Especially with the Canadian currency at relative highs against the US dollar (which has a dampening effect on the export-driven Canadian economy) a rate hike seems unlikely at the moment, but the wording of the text may suggest that the next meeting may consider a hike if conditions warrant, beyond the already existing language.

Financial Literacy

The government of Canada commissioned a task force to study the issue of financial literacy in Canada. The report they released can be found here.

I will restrain my comments to say that just as how (in Western Europe) illiteracy was reduced from about 2/3rds in the 18th century to less than 10% today, I would estimate the financial literacy of Canada as being quite low.

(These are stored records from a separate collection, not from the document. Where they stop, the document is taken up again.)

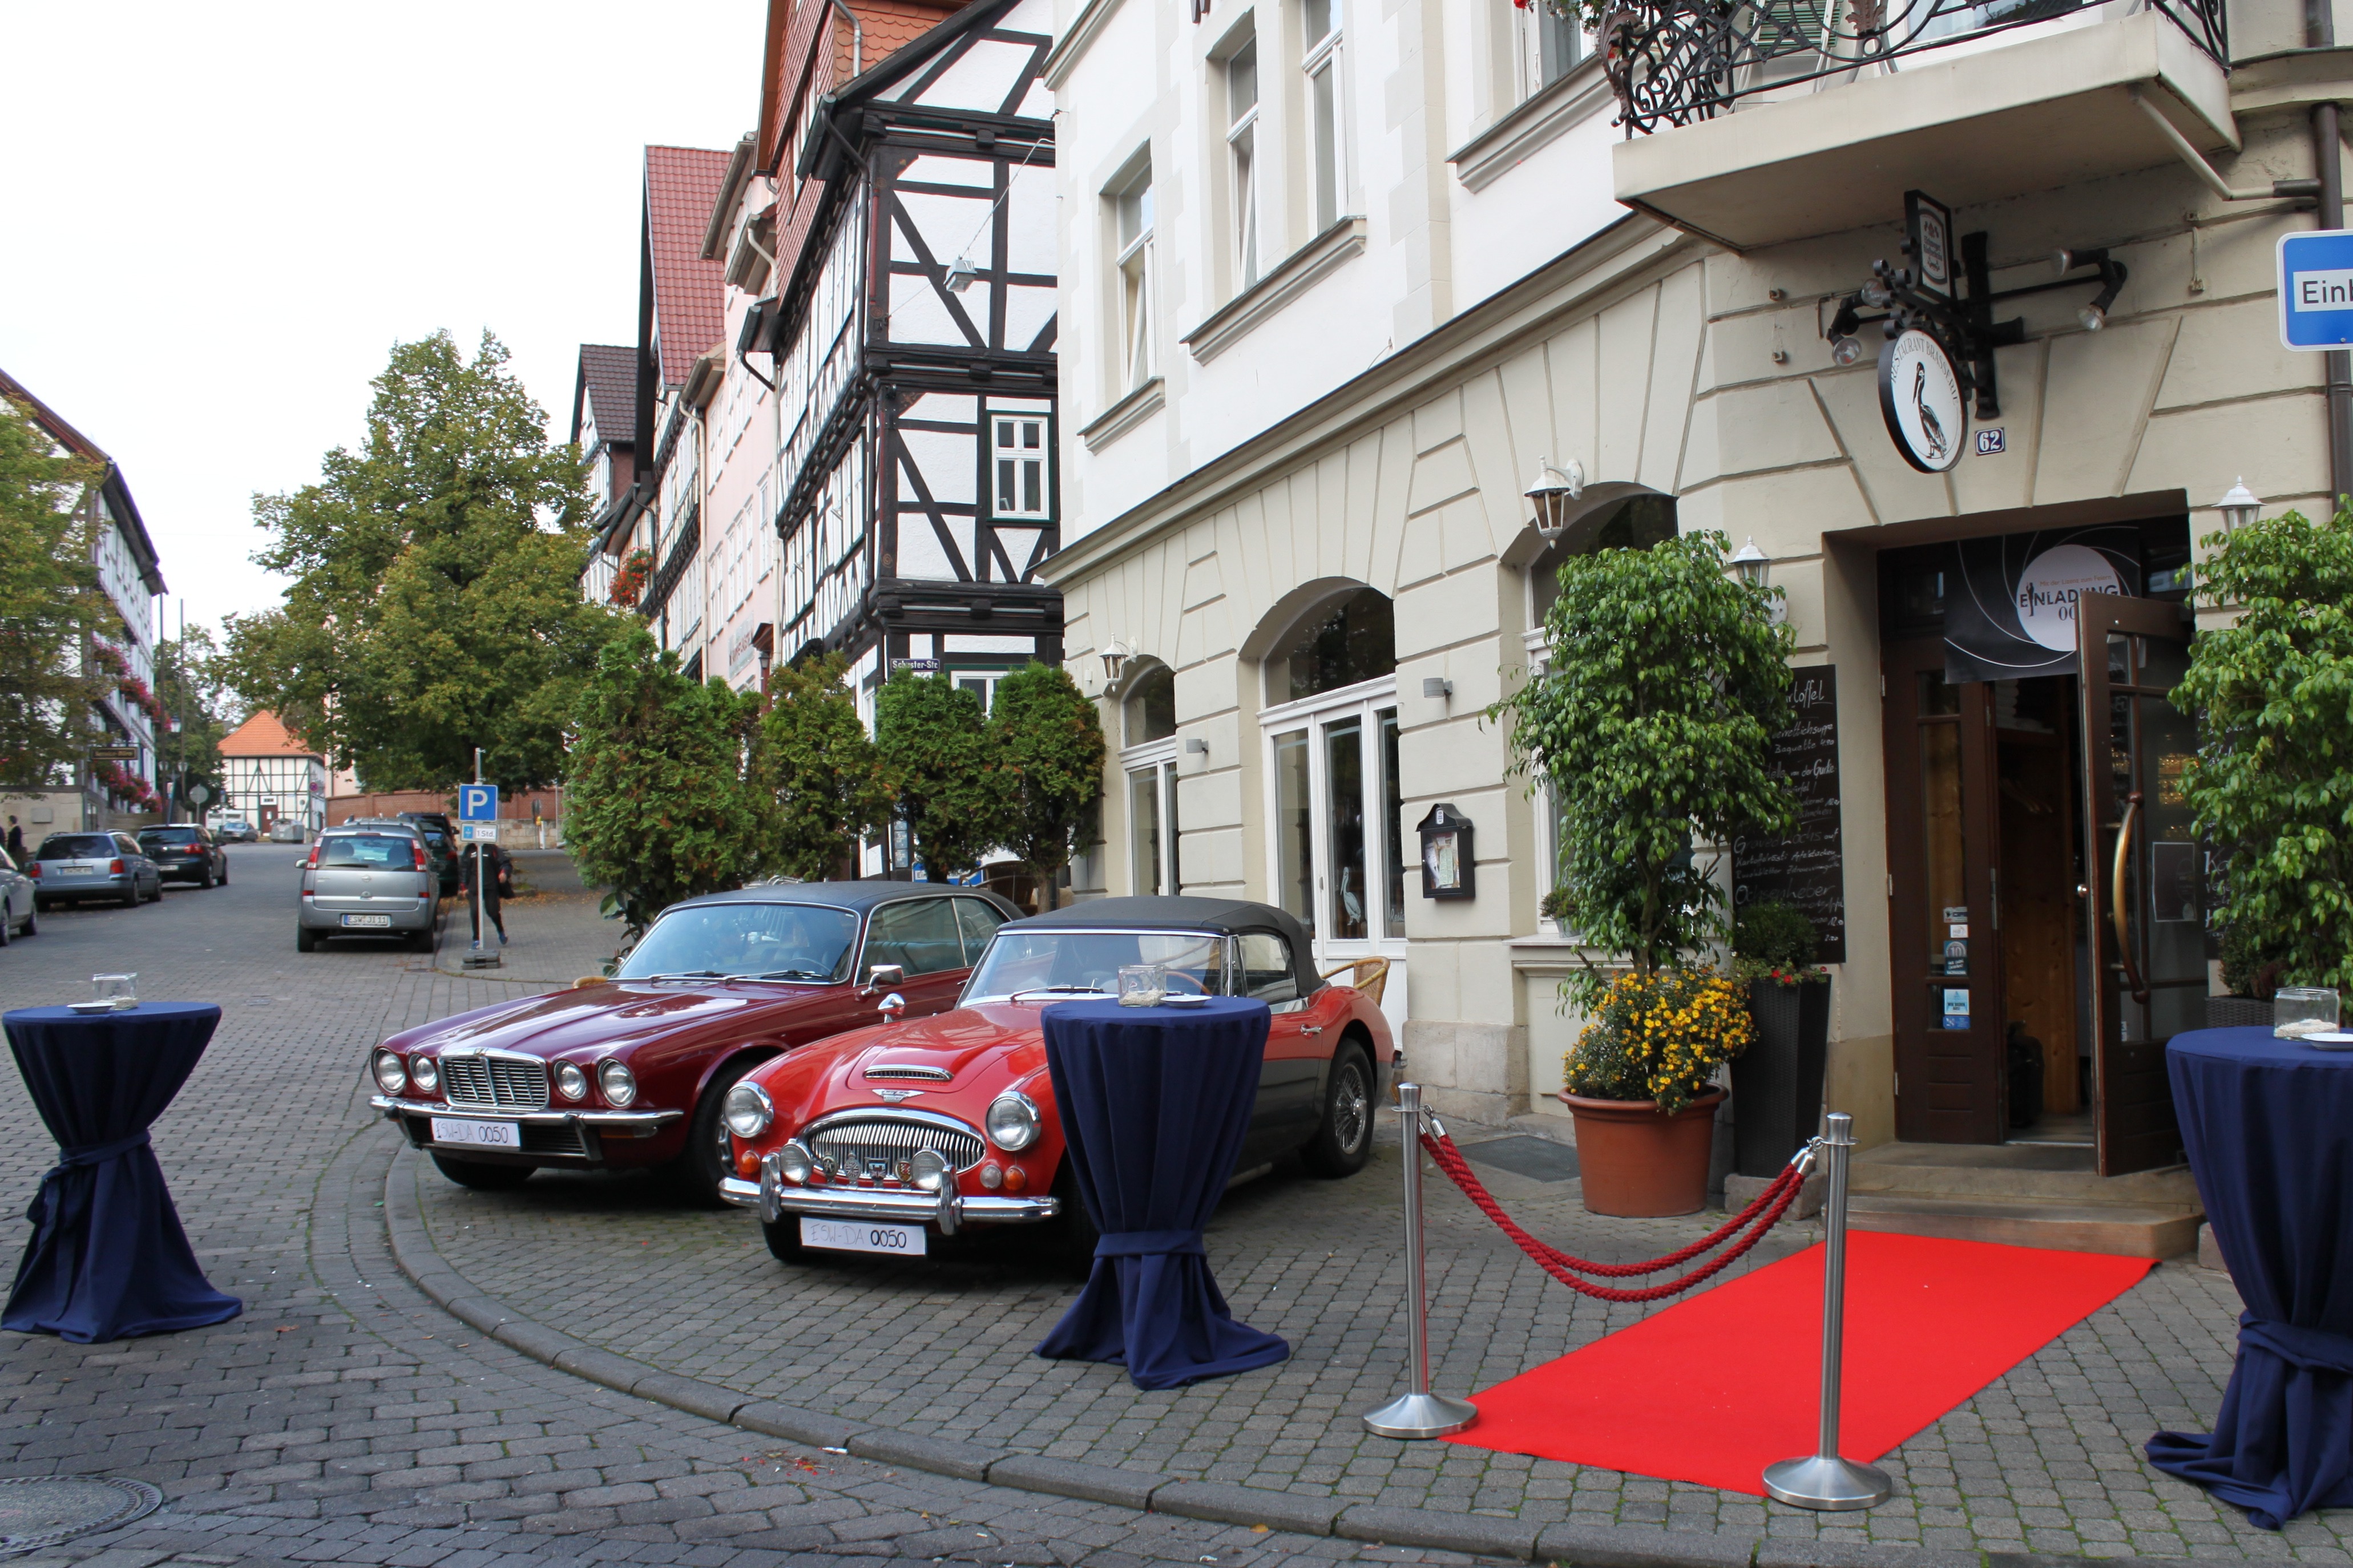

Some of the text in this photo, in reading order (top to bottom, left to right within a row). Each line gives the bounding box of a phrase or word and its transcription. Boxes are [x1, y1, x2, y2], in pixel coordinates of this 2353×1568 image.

[1891, 337, 1959, 406] RESTAURANT BRASSERIE
[1979, 430, 2000, 452] 62
[2020, 585, 2118, 608] EINLADG
[2058, 606, 2075, 621] 00
[1786, 680, 1825, 708] rtoffel
[1813, 759, 1835, 780] Gurke
[468, 789, 488, 817] P
[435, 1121, 508, 1143] ESW-DA 0050
[810, 1223, 907, 1248] ESW-DA 0050
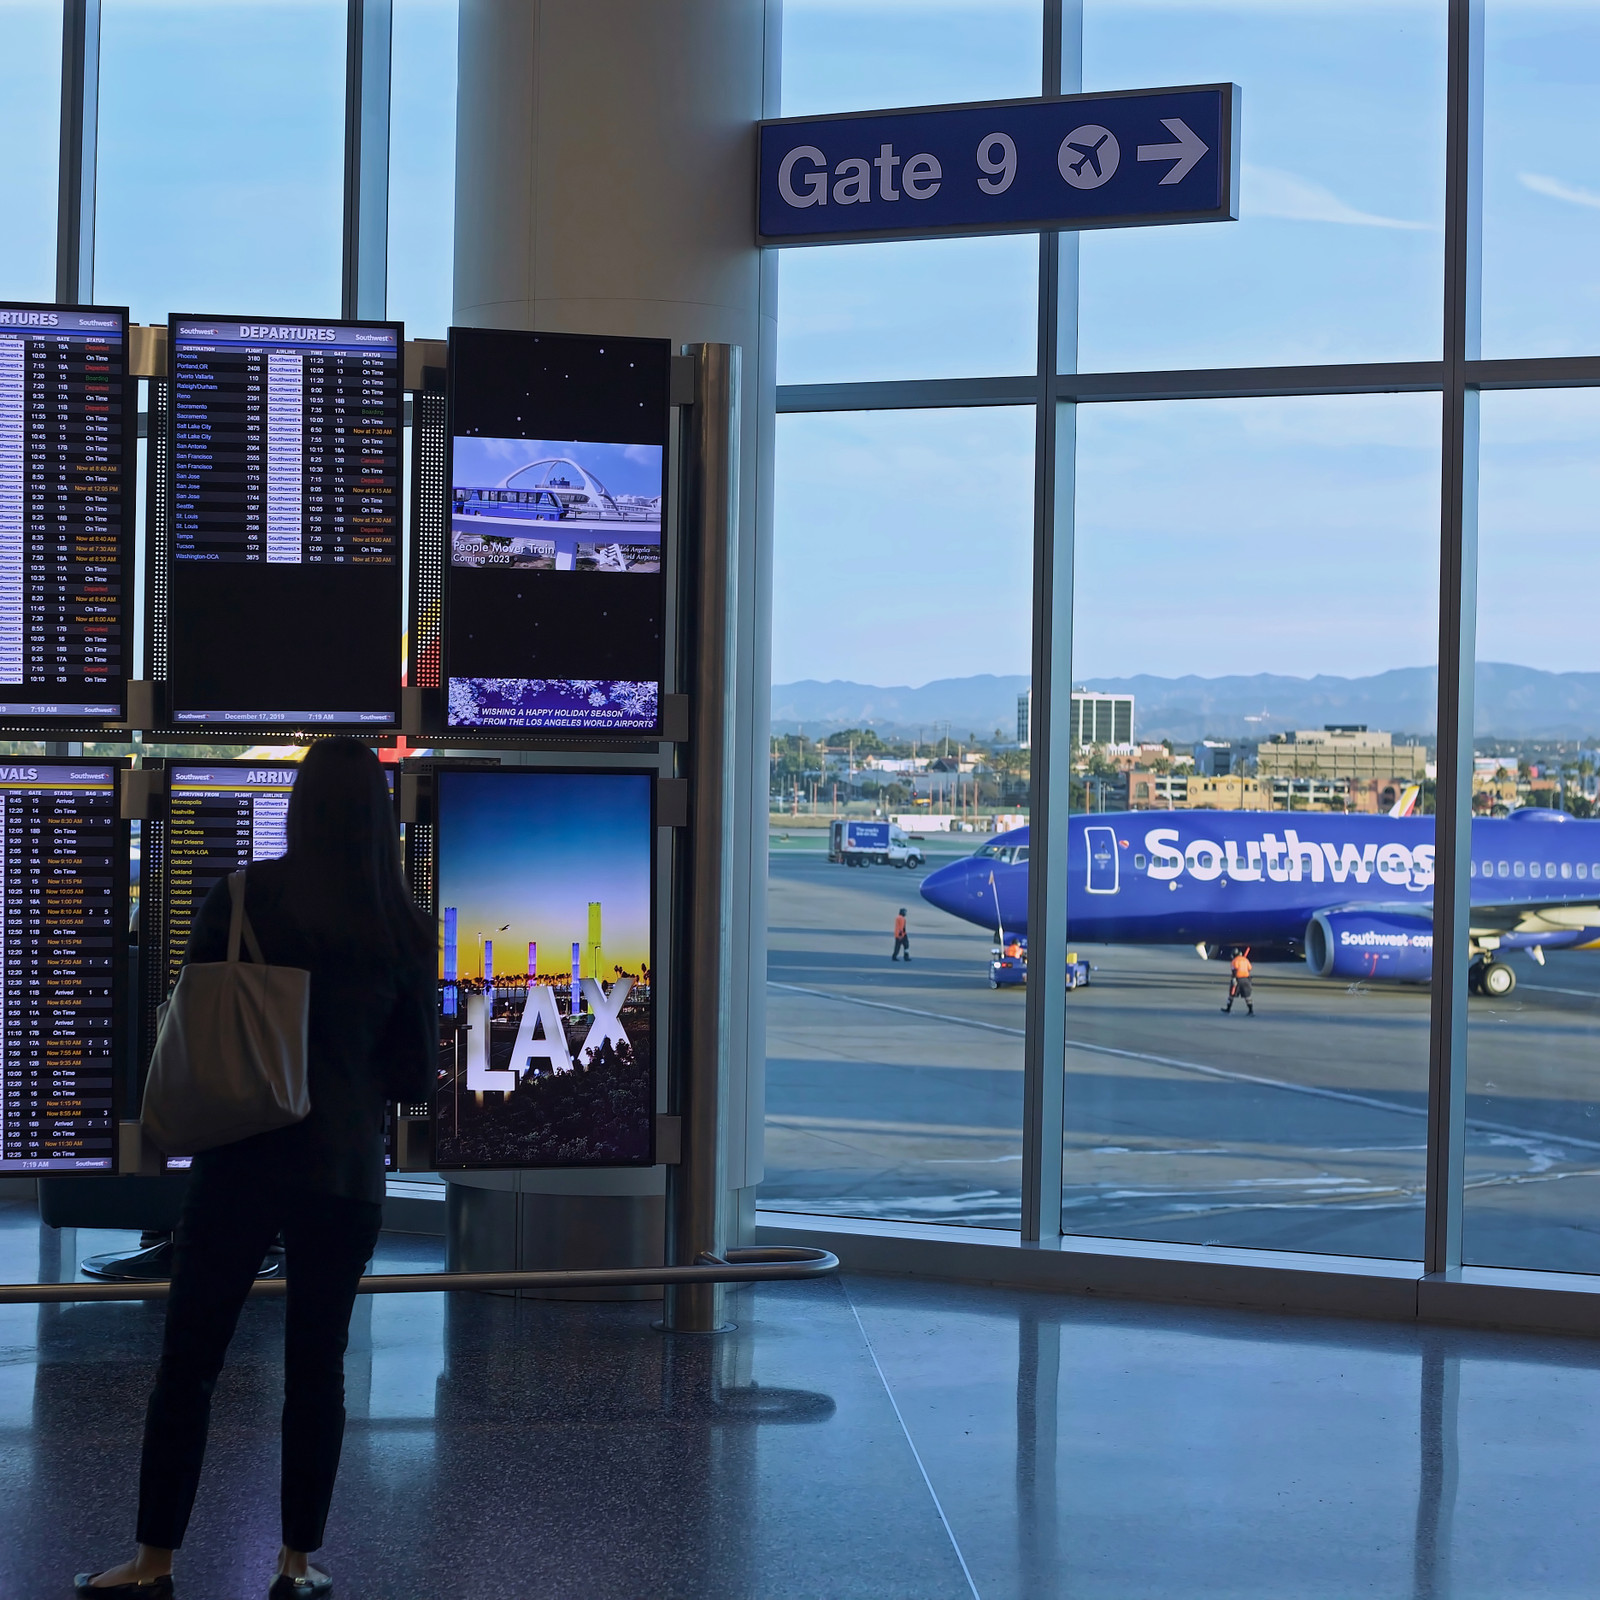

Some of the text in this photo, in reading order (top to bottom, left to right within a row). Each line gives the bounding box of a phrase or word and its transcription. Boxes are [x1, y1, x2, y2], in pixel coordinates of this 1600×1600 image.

By improving financial literacy, people will have a toolbox to make more efficient decisions. Just like literacy today, where you can be bombarded with outright false information, a financially literate population can be bombarded with financial garbage (such as scams that promote a risk-free 30% annual return), but will be better prepared to discard such trash. This is similar as to how people do not take the items printed on the supermarket tabloids seriously.

Financial literacy is a good idea in concept, but it requires a completely different skillset than written literacy – quantitative know-how. Having the mathematical know-how to properly process financial parameters is not an easy skill to teach. Genetic aptitude towards mathematics greatly helps the process.